Lyrical’s birthday bash, Harpers Ferry, January 10, 2007
By MATTHEW M. BURKE  |  January 17, 2007

With its tradition of blues and jam bands, Allston’s Harpers Ferry isn’t the first place you’d expect one of Boston’s most promising hip-hop artists to celebrate his birthday. But times have changed, and a week ago Wednesday it indeed was Harpers Ferry that played host to the Lyrical birthday bash, a party/show to celebrate one more year in the life of the Lowell-bred rapper.

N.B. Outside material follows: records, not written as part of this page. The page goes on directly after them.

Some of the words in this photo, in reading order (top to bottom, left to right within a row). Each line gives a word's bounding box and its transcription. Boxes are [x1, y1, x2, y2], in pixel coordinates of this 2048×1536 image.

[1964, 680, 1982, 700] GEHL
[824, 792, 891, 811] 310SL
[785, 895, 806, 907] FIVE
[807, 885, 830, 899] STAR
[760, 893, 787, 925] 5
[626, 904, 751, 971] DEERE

Clad in a sport coat and a button-down shirt, Lyrical took a break from mingling in the crowd to announce that he is “forever 29.” The tall and skinny enigma of a rapper (a/k/a Pete Plourde, by day a business-management and mathematics professor) is the first to admit with a smile that he was also 29 last year and will still be 29 in 10 years. “If Sylvester Stallone can be 50 when he’s 60, I can be 29 when I’m 59. I got an album called iNFiNiTi. . . it’s timeless.”

Inspired by hip-hop’s golden era, Lyrical emerged as the voice of X-Caliber in the late ’90s, and he did a stint in the group Invasion before going solo. iNFiNiTi (D.i.M.E.) dropped in ’05 and was voted Album of the Year in last June’s first annual Mass Industry Committee Hip-Hop Awards. He plans to keep pushing the disc (available on iTunes and Rhapsody, as well as at Underground Hip-Hop on Huntington Avenue) till August of 2008, when he’ll release a follow-up.

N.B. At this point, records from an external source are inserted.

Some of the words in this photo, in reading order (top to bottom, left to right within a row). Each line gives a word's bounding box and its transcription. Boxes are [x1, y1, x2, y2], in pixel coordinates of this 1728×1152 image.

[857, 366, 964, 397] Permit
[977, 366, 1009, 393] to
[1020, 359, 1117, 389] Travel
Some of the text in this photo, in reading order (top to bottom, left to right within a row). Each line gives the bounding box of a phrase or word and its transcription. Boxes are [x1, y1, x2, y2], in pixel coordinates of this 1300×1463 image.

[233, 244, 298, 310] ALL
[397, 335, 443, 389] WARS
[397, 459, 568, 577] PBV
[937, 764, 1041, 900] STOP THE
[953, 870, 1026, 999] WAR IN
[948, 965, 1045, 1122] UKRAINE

At Harpers, Lyrical freestyled about the Big Dig and Saddam Hussein and performed only a couple of iNFiNiTi tracks with backing from the mellow jazz/funk quartet Velvet Stylus. But he shared the spotlight by inviting a group of racially diverse MCs to join him on stage for a freestyle symphony of everything from gangsta rap to suburban backpack rhymes before slipping off stage and back into the crowd. That left Rebel Love, Chaos, Doe Boy, Metaphorick, and Carbon on stage to trade bars over the Wu-Tang classic “C.R.E.A.M.” and Capleton’s “Wings of the Morning,” with grooves by Velvet Stylus.

And Harpers Ferry general manager Andrew Wolan? The 27-year-old sat at the back bar working on his laptop. “I love hip-hop,” he enthused. “We try to do a lot more hip-hop to help the scene grow.” It certainly seemed to be doing the trick for 29-year-old Lyrical.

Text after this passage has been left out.